# Lots of errors with Xen

## Thoth93

This is my first time using Gentoo. I'm trying to setup a Gentoo system with uefi, systemd, mirrored btrfs for main system and zfs for xen VMs

So far everything has worked out fine, Im actualy surprised how easy it was after a bit of searching wiki, forums and taking my own notes

to set this up without any errors or problems, Except for one peace of the puzzle Xen. First grub would not generate the menu for it based on both

of these problems at https://wiki.gentoo.org/wiki/Talk:Xen under "GRUB2" ** then once that was done the file /etc/grub.d/20_linux_xen had to be

manualy edited before I ran grub-mkconfig because otherwise grub wont identify your system as uefi and add the right options, without this your

system will reboot when you try to boot into xen ***. So now it boots but there are a lot of errors including usb errors so I cannot login either.

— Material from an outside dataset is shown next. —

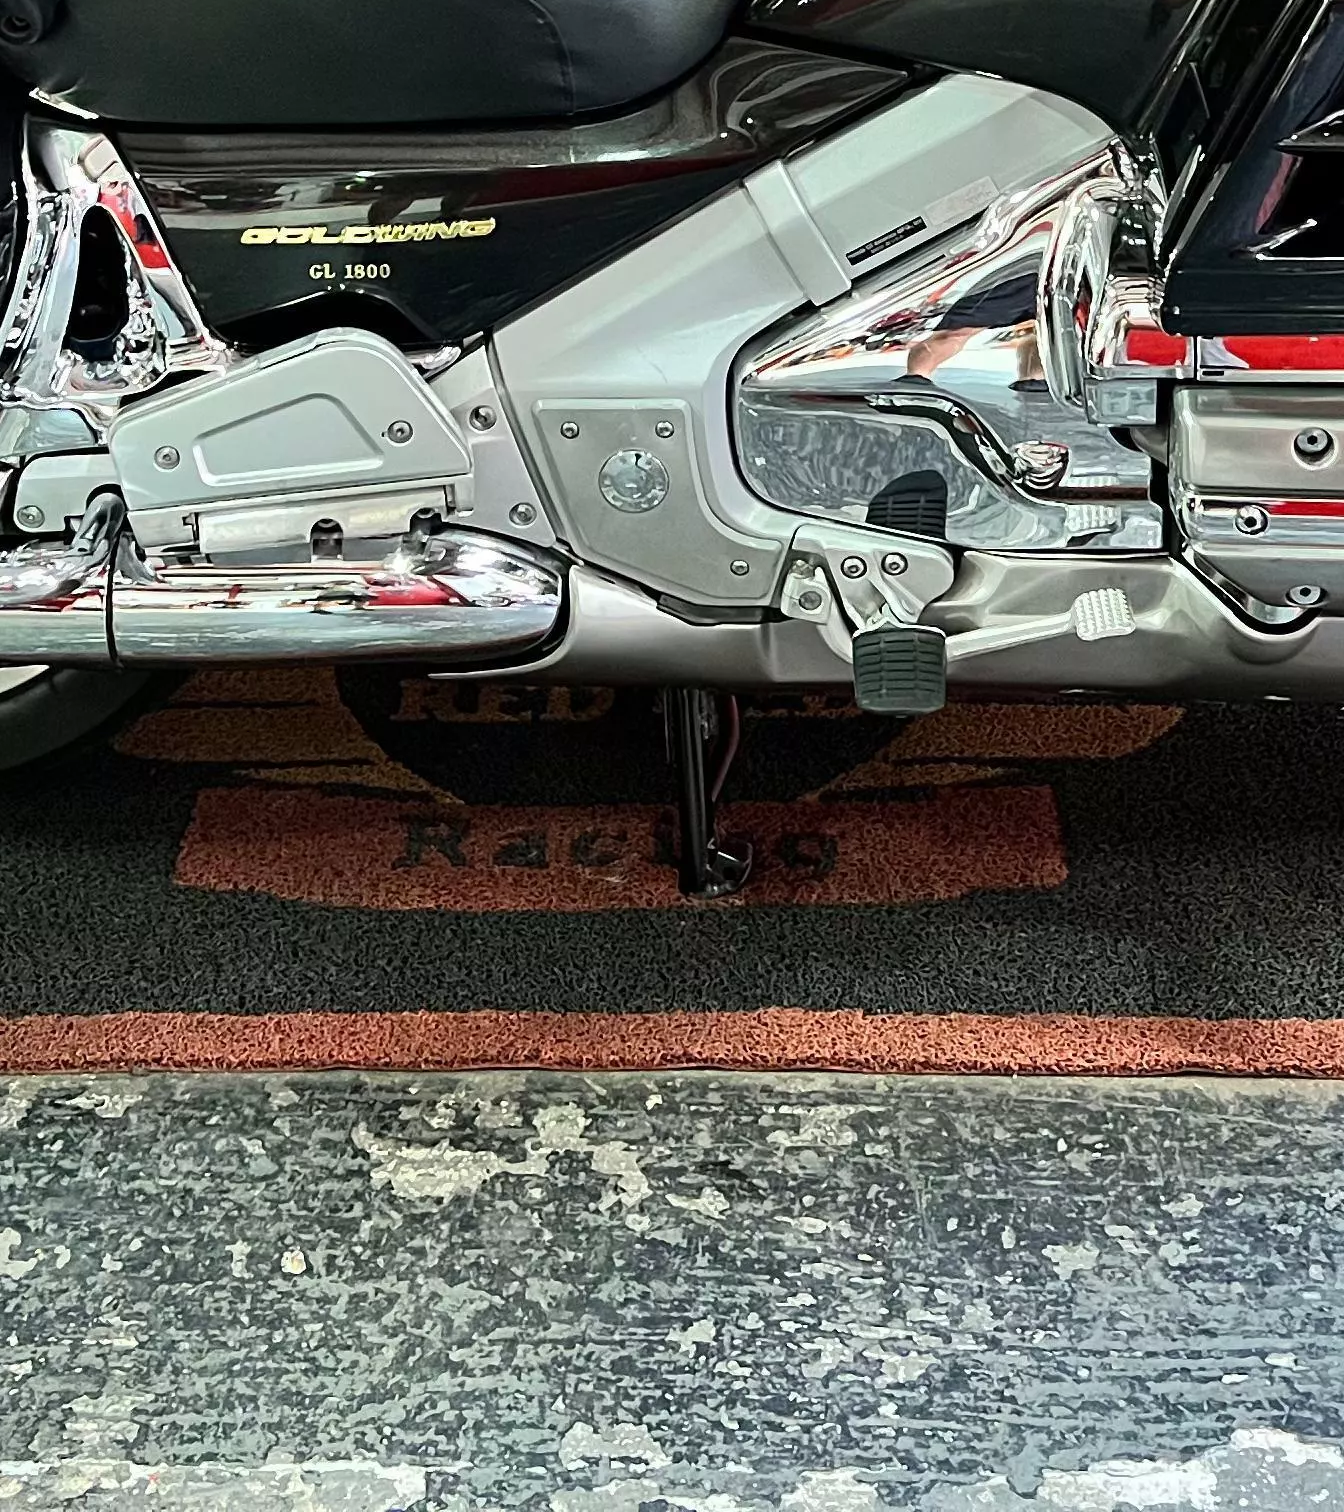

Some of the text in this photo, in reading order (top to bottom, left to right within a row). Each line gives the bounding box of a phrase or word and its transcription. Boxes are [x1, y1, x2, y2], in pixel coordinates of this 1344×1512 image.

I then setup sshd so I could get journal errors here they are, If anyone needs more info just let me know. I've set up xen before on differnent

distro so I know it works with my system, also both 4.4.39 and 4.9.6-r1 work fine when not booted into xen.

Any one have Xen 4.7.1, 4.7 etc. running on gentoo-sources kernel-4.4.39, or the new 4.9.6-r1 ?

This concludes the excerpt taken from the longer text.